Causality $\neq$ Invariance: Function and Concept Vectors in LLMs
arXiv:2602.22424v1 Announce Type: new Abstract: Do large language models (LLMs) represent concepts abstractly, i.e., independent of input format? We revisit Function Vectors (FVs), compact representations of in-context learning (ICL) tasks that causally drive task performance. Across multiple LLMs, we show that FVs are not fully invariant: FVs are nearly orthogonal when extracted from different input formats (e.g., open-ended vs. multiple-choice), even if both target the same concept. We identify Concept Vectors (CVs), which carry more stable concept representations. Like FVs, CVs are composed of attention head outputs; however, unlike FVs, the constituent heads are selected using Representational Similarity Analysis (RSA) based on whether they encode concepts consistently across input formats. While these heads emerge in similar layers to FV-related heads, the two sets are largely distinct, suggesting different underlying mechanisms. Steering experiments reveal that FVs excel in-dist
arXiv:2602.22424v1 Announce Type: new Abstract: Do large language models (LLMs) represent concepts abstractly, i.e., independent of input format? We revisit Function Vectors (FVs), compact representations of in-context learning (ICL) tasks that causally drive task performance. Across multiple LLMs, we show that FVs are not fully invariant: FVs are nearly orthogonal when extracted from different input formats (e.g., open-ended vs. multiple-choice), even if both target the same concept. We identify Concept Vectors (CVs), which carry more stable concept representations. Like FVs, CVs are composed of attention head outputs; however, unlike FVs, the constituent heads are selected using Representational Similarity Analysis (RSA) based on whether they encode concepts consistently across input formats. While these heads emerge in similar layers to FV-related heads, the two sets are largely distinct, suggesting different underlying mechanisms. Steering experiments reveal that FVs excel in-distribution, when extraction and application formats match (e.g., both open-ended in English), while CVs generalize better out-of-distribution across both question types (open-ended vs. multiple-choice) and languages. Our results show that LLMs do contain abstract concept representations, but these differ from those that drive ICL performance.
Executive Summary
The article 'Causality ≠ Invariance: Function and Concept Vectors in LLMs' explores whether large language models (LLMs) represent concepts abstractly, independent of input format. The study revisits Function Vectors (FVs), which are compact representations driving in-context learning (ICL) task performance. The authors demonstrate that FVs are not fully invariant across different input formats, even when targeting the same concept. They introduce Concept Vectors (CVs), which are more stable concept representations derived from attention head outputs selected using Representational Similarity Analysis (RSA). The study finds that FVs excel in-distribution but CVs generalize better out-of-distribution across question types and languages, indicating that LLMs contain abstract concept representations distinct from those driving ICL performance.
Key Points
- ▸ Function Vectors (FVs) are not fully invariant across different input formats.

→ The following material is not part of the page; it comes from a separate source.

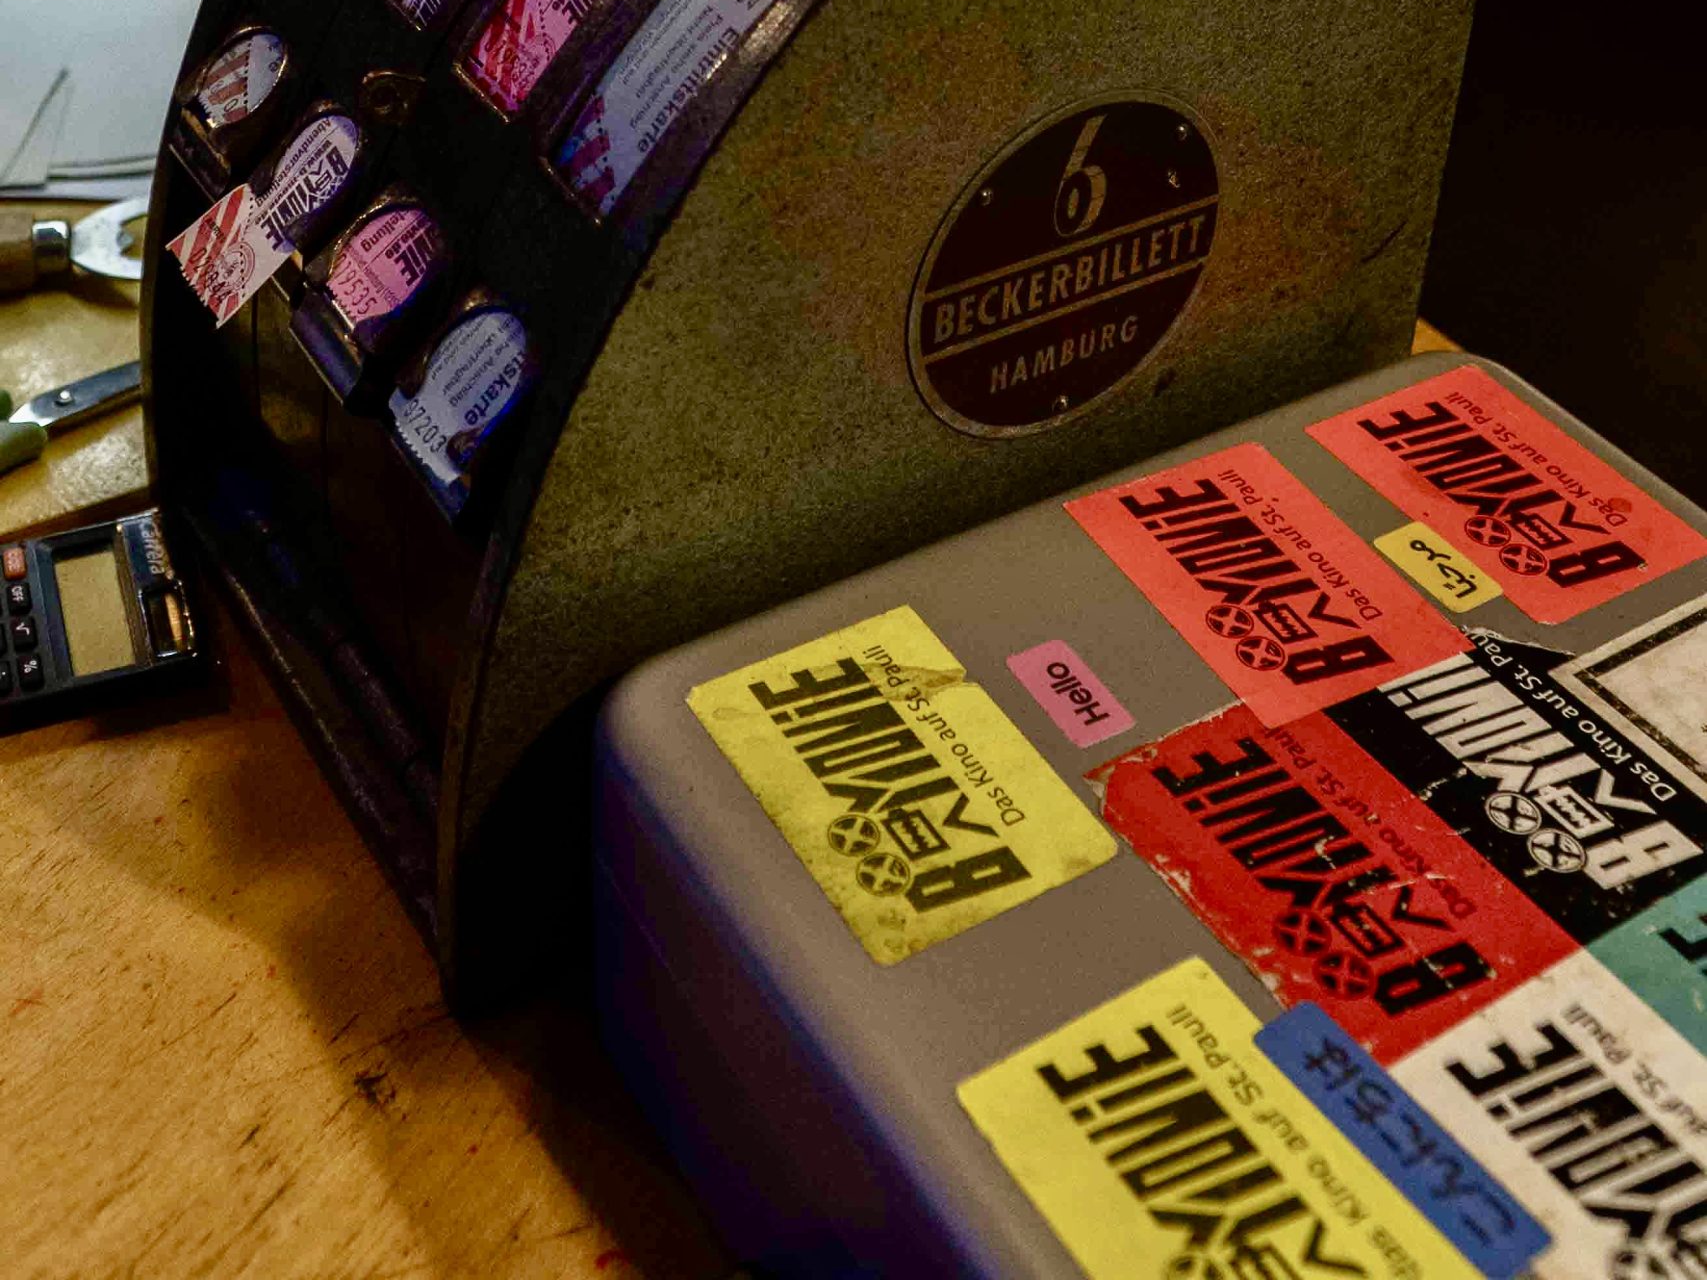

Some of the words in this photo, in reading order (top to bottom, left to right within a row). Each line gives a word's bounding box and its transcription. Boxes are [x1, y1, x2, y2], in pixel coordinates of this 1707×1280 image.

- ▸ Concept Vectors (CVs) are more stable concept representations derived from attention head outputs.
- ▸ FVs excel in-distribution, while CVs generalize better out-of-distribution across question types and languages.
Merits
Innovative Approach
The article introduces a novel method using Representational Similarity Analysis (RSA) to identify Concept Vectors (CVs), providing a new perspective on how LLMs represent concepts.
Empirical Rigor
The study conducts rigorous empirical analysis across multiple LLMs, demonstrating the distinct roles of FVs and CVs in task performance and generalization.
Demerits
Limited Scope
The findings are based on a specific set of LLMs and input formats, which may not be generalizable to all models and contexts.
Complexity
The methodology and analysis are complex, which may limit the accessibility of the findings to a broader audience.
Expert Commentary
The article 'Causality ≠ Invariance: Function and Concept Vectors in LLMs' presents a significant advancement in the understanding of concept representation in large language models. By distinguishing between Function Vectors (FVs) and Concept Vectors (CVs), the authors provide a nuanced view of how LLMs process and generalize information. The introduction of Representational Similarity Analysis (RSA) as a tool to identify CVs is particularly noteworthy, as it offers a method to uncover more stable and abstract concept representations. The empirical findings, demonstrating the superior generalization of CVs out-of-distribution, have important implications for both the development of AI models and their practical applications. However, the study's limitations, such as its focus on a specific set of models and formats, highlight the need for further research to validate and expand these findings. Overall, this work contributes valuable insights to the field of AI and machine learning, paving the way for more sophisticated and generalizable models.
Recommendations
- ✓ Future research should explore the generalizability of these findings across a broader range of LLMs and input formats.
- ✓ Developers should consider incorporating the insights from this study into the design of AI models to enhance their robustness and generalization capabilities.